UK - Roderick Munsters, the incoming investment chief at the Dutch civil service fund Stichting Pensioenfonds ABP says he thinks bonds are not currently attractive - and that he wouldn’t bet against commodities.
“I think current valuations are unattractive,” Munsters told a conference organised by the UK’s National Association of Pension Funds, referring to fixed income. “It’s not my favourite asset class.”
“Nominal investments will not provide good pensions,” he told delegates at the NAPF’s annual investment conference in Edinburgh. ABP’s fixed income allocation has fallen from 82% in 1994 to 43% 10 years later, he added. He argued that the scheme’s target return of seven percent could only be delivered by investing in real assets and diversification.
He said the fund’s commodities portfolio returned 18.8% in 2004. “Let’s be honest, we’ve been lucky. I wouldn’t dare betting against commodities as an asset class.”

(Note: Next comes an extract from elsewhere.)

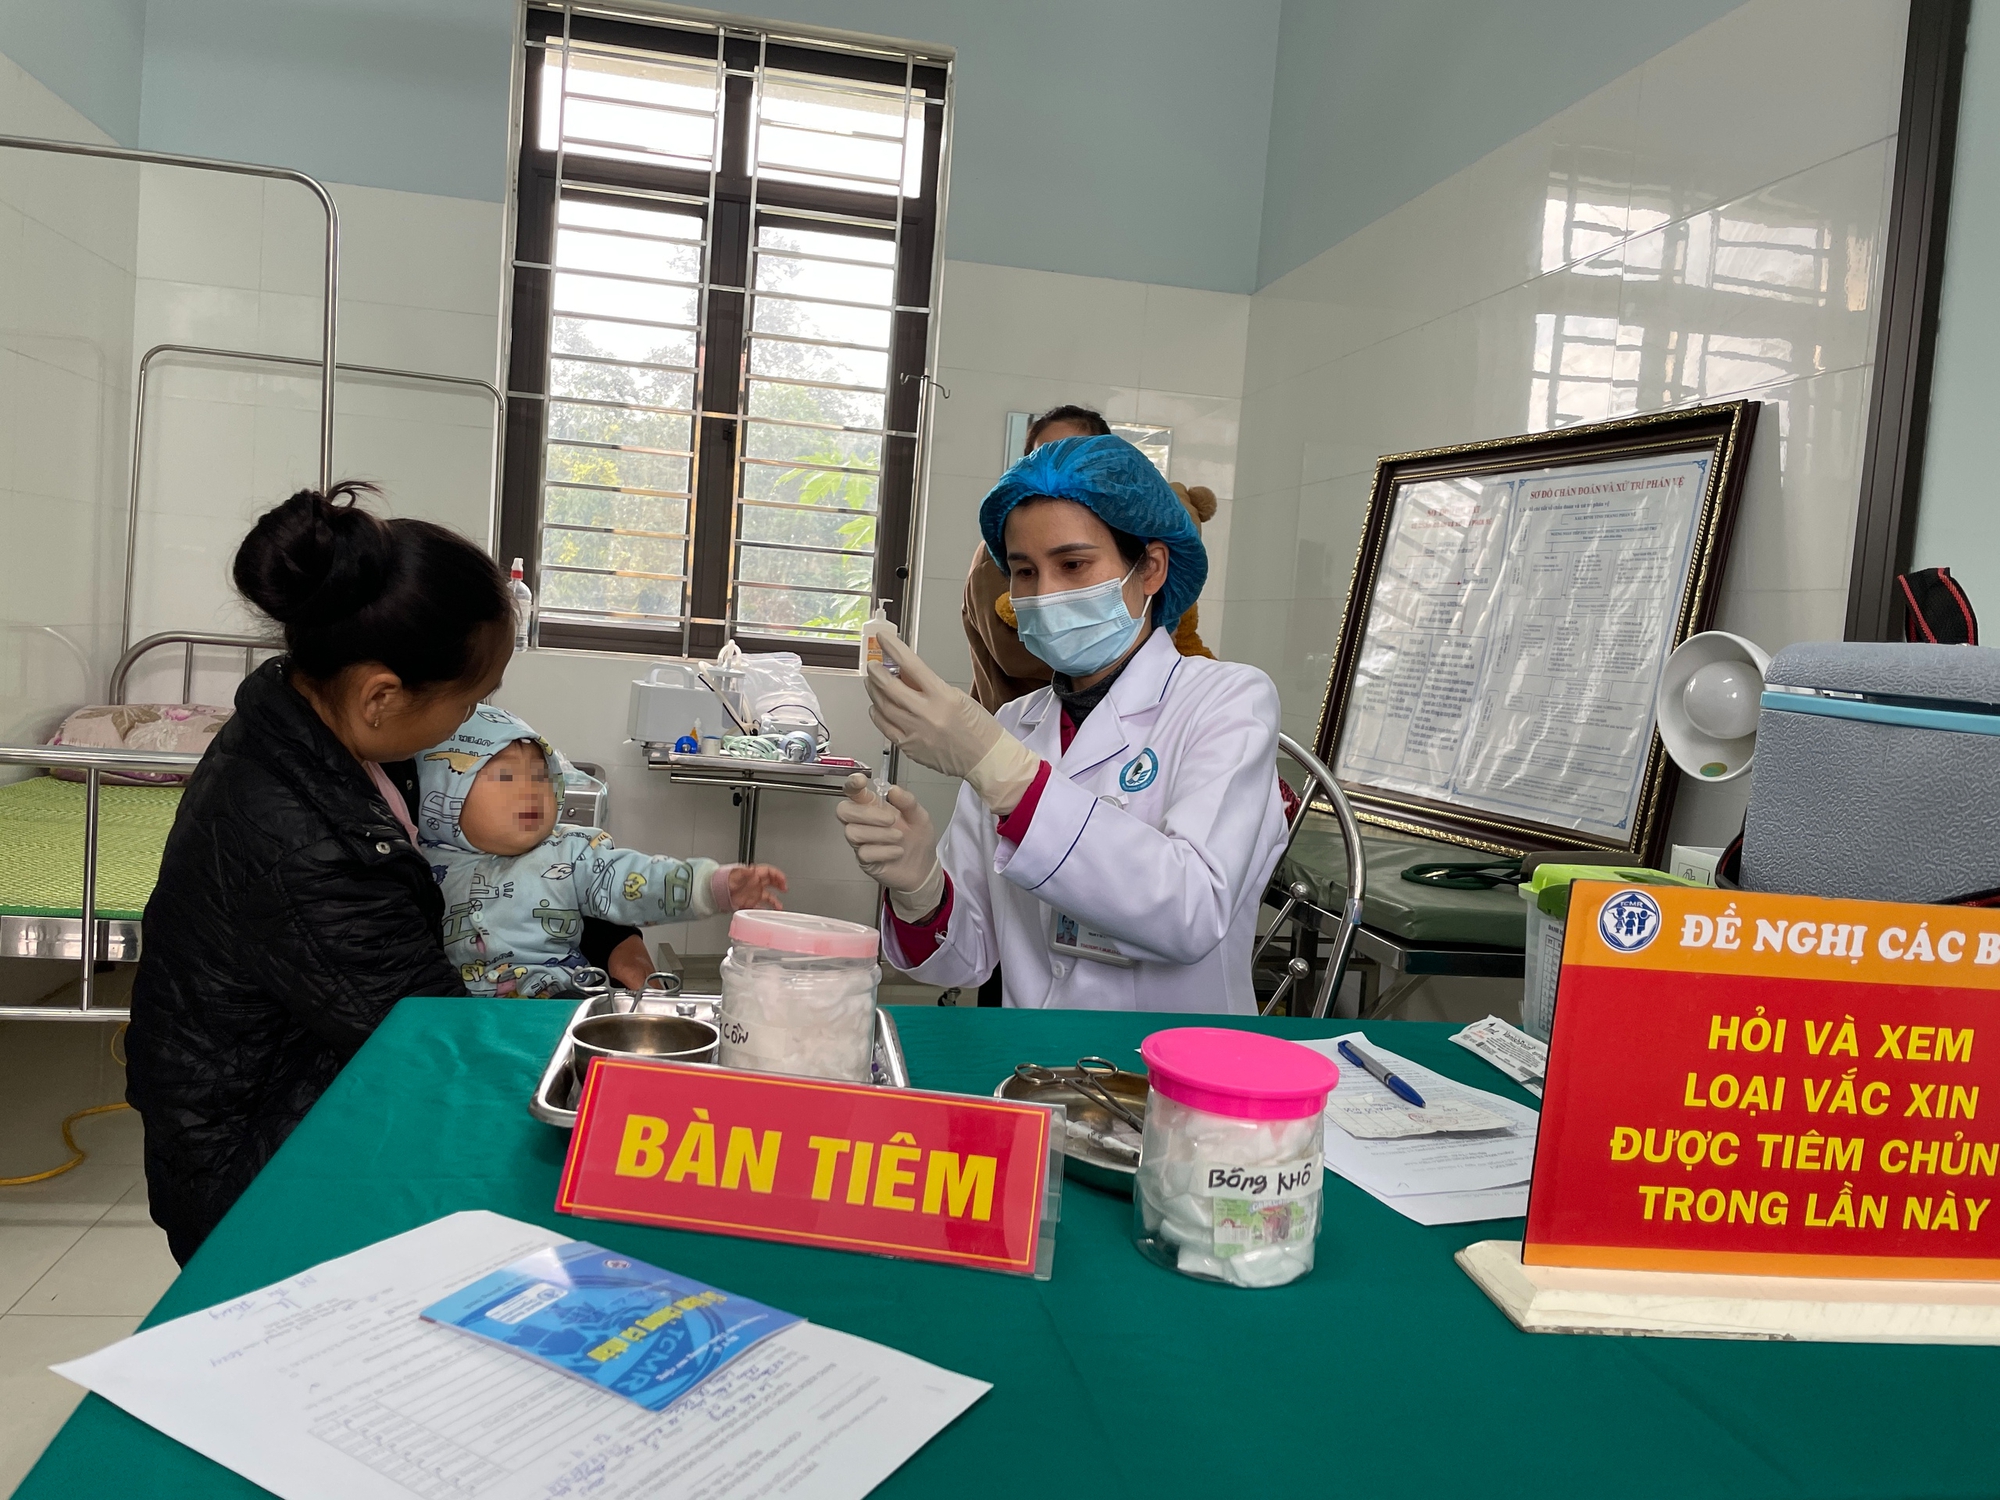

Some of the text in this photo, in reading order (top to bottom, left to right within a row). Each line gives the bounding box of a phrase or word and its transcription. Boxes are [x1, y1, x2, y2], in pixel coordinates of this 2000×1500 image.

He also expanded on the scheme’s 11% allocation to emerging markets. “We believe emerging markets will produce superior returns. We are there for the long term.”
ABP’s objective, he explained, was to be at “the leading edge of what happens”. The fund’s 400 investment staff looked for the “highest possible return and the lowest possible cost and the lowest possible risk”.
Munsters also advised pension funds not to get involved in private equity unless they were in it for the long term. “Don’t even think about it,” if you’re not. He said ABP and PGGM’s AlpInvest private equity partnership had benefited recently from other pension funds not taking this on board - though he did not expand on this.
Real estate returns in 2004 - 37.5% for listed and 19.8% for non-listed - were “fantastic”. But he identified that markets were becoming stretched and that leverage was becoming a problem.
Alternative assets returned 5.8% last year at ABP. “As far as I’m concerned it’s not an asset class - and it’s an expensive skill set. Don’t buy into a black box.”